Data:

-- Opening Marker --

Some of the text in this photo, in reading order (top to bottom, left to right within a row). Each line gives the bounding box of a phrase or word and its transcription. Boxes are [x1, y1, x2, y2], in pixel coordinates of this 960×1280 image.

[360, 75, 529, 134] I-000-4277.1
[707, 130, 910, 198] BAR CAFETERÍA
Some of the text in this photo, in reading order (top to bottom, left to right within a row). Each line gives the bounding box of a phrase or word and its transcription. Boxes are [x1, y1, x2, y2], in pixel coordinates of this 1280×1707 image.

-- Closing Marker --
-- Opening Marker --

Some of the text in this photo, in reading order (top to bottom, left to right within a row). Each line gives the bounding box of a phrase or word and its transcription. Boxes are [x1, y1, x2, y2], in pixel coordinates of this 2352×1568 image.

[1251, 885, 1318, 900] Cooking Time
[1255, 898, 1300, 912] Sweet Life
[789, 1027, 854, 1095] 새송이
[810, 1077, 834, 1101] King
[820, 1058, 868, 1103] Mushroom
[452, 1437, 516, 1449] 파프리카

-- Closing Marker --

Task to carry out: Starting at the line above that holds "this 960×1280 image." and ending at the line that holds "this 1280×1707 image.", transcribe each line exactly and include no other lines.

Written answer:
Some of the text in this photo, in reading order (top to bottom, left to right within a row). Each line gives the bounding box of a phrase or word and its transcription. Boxes are [x1, y1, x2, y2], in pixel coordinates of this 960×1280 image.

[360, 75, 529, 134] I-000-4277.1
[707, 130, 910, 198] BAR CAFETERÍA
Some of the text in this photo, in reading order (top to bottom, left to right within a row). Each line gives the bounding box of a phrase or word and its transcription. Boxes are [x1, y1, x2, y2], in pixel coordinates of this 1280×1707 image.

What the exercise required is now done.